Transforming Inputs into Outputs - Productivity Measures
As will become clearer during the course of this chapter, a more quantitative definition of productivity cannot easily be given, since both the measures of achievement and the objectives of the organisation will have a major impact on the way and means by which productivity is measured. For these reasons, the definition of productivity used throughout will be output(s)/ input(s). This is illustrated as a systems diagram in the following figure.
To the politician productivity means money to spend on roads and hospitals; to the economist it is a comparative measure of the health, vitality and competitive strength of an economy; to an operations manager it is a comparative measure of improvement. Productivity is important to everyone. We should constantly seek increases, so that the economy of the nation will continually produce an improving standard of living for all citizens. The increase in gross national product in the US has increased around 1.7 per cent per annum for the past 10 years. For some Asian economies the increase was as high as 5 per cent. The productivity increase of 1.7 per cent according to Heizer and Render (2001) was due to a mix of inputs which contributed the following proportions:
- Capital contributed 38 per cent of the 1.7 per cent growth in the economy
- Direct labour contributed 10 per cent of the 1.7 per cent growth in the economy
- Management contributed 52 per cent of the 1.7 per cent growth in the economy
Measuring productivity is an effective way of determining a country's ability to improve living standards. Also, increasing productivity is the only way that labour and capital can achieve greater financial benefits. Productivity is a significant issue for all societies and one which operations managers must address.
Despite varying individual perceptions of the concept, by the end of this chapter there should be little doubt in your mind that productivity is a critical issue to all not only within organisations but also nations, and that efficient operations can play a large role in the improvement of productivity.
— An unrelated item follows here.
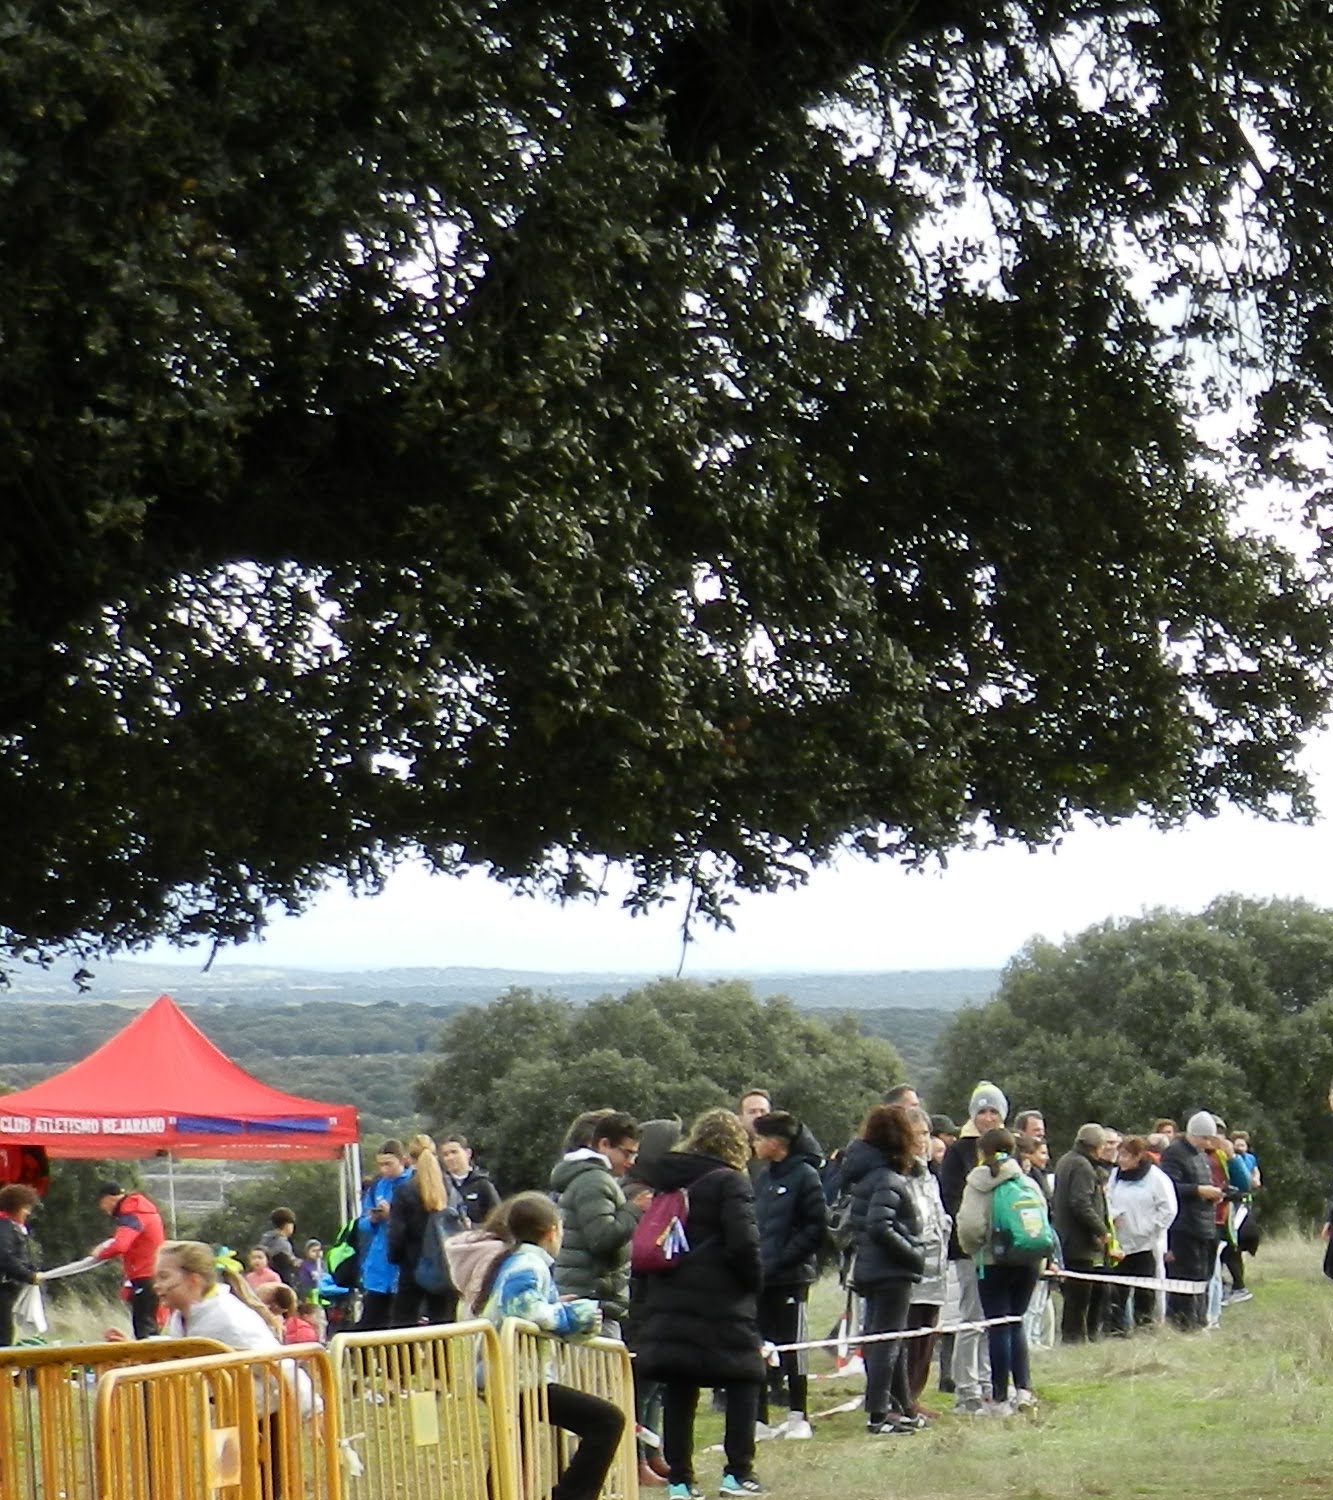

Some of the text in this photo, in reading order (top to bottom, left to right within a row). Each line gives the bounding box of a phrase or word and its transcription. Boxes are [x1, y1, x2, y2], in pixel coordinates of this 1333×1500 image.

[0, 1116, 165, 1134] CLUB ATLETISMO BEJARANO
The major constituents are further broken down:
- Capital: level of capital investment and cost of capital
- Labour: basic education and skills; diet and motivation; labour availability
- Management: education and supply
From this breakdown it is clear that management makes a very significant contribution to a nation's GDP. The factors of greatest significance are education and supply. In a knowledge society change is brought about by people who are well educated and motivated who are given the opportunity to bring about improvements in their society. This analysis suggests that if countries wish to lever their productivity, then the education and training of management is their prime goal closely followed by the availability of capital and a conducive environment.